Set down the entries again word for word, without any of the images.

[Image-backed grounding data]

════════════════════

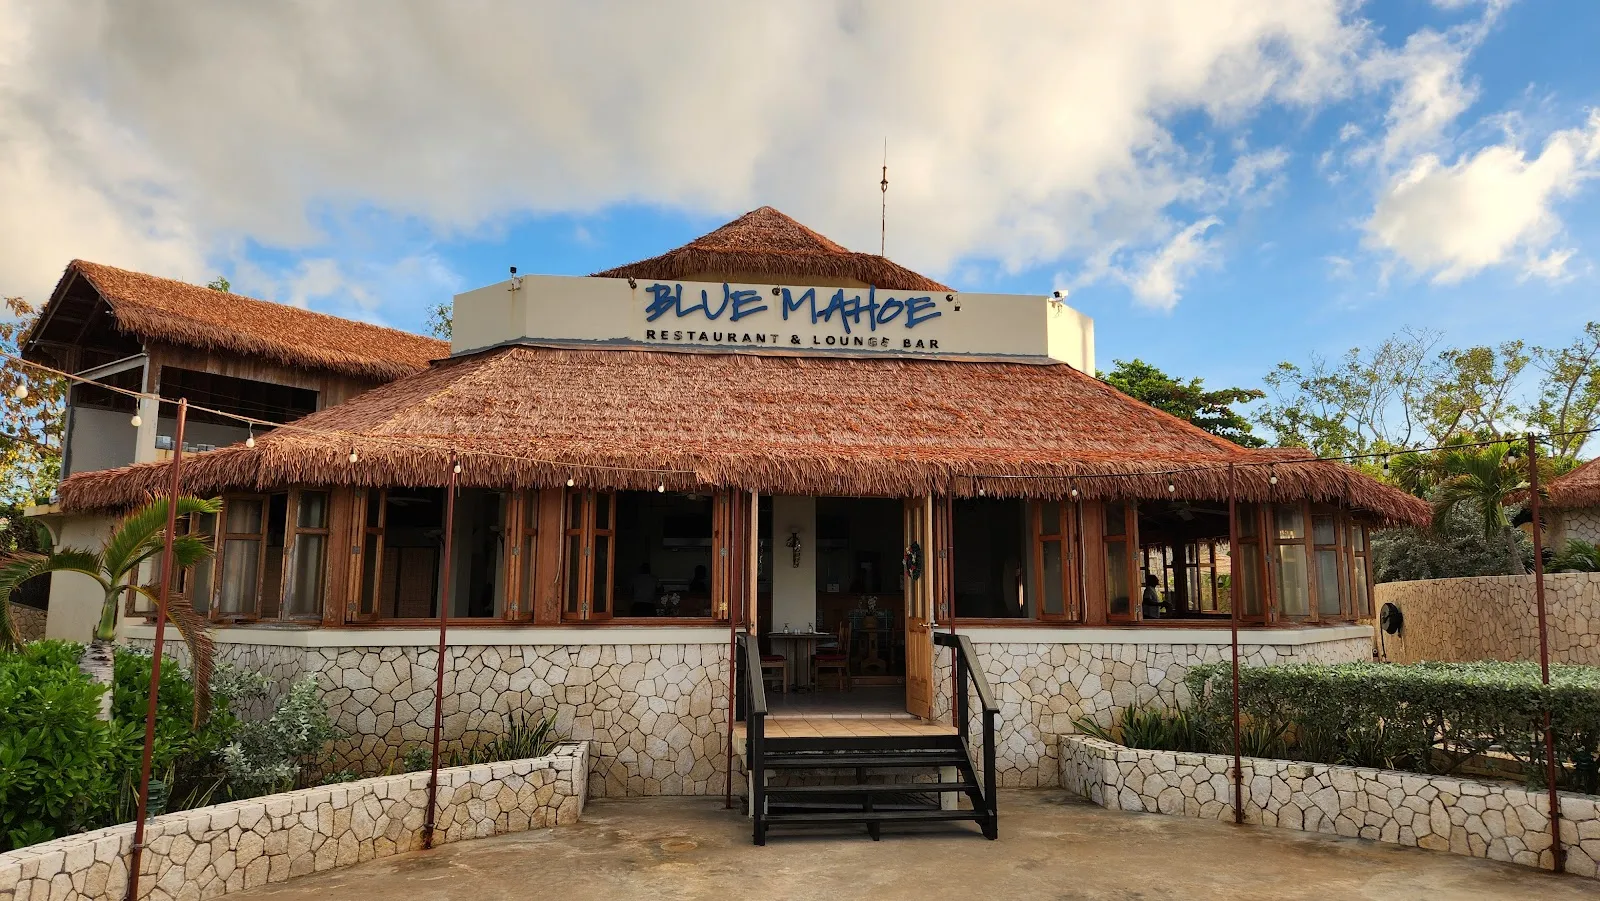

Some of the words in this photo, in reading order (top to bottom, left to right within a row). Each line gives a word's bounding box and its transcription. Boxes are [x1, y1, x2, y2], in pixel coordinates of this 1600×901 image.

[645, 282, 768, 322] BLUE
[781, 284, 942, 334] MAHOE
[646, 329, 779, 344] RESTAURANT
[790, 334, 801, 345] &
[813, 335, 890, 348] LOUNGE
[903, 338, 940, 349] BAR

════════════════════

_WRITTEN REPLY_
Some of the words in this photo, in reading order (top to bottom, left to right within a row). Each line gives a word's bounding box and its transcription. Boxes are [x1, y1, x2, y2], in pixel coordinates of this 1600×901 image.

[645, 282, 768, 322] BLUE
[781, 284, 942, 334] MAHOE
[646, 329, 779, 344] RESTAURANT
[790, 334, 801, 345] &
[813, 335, 890, 348] LOUNGE
[903, 338, 940, 349] BAR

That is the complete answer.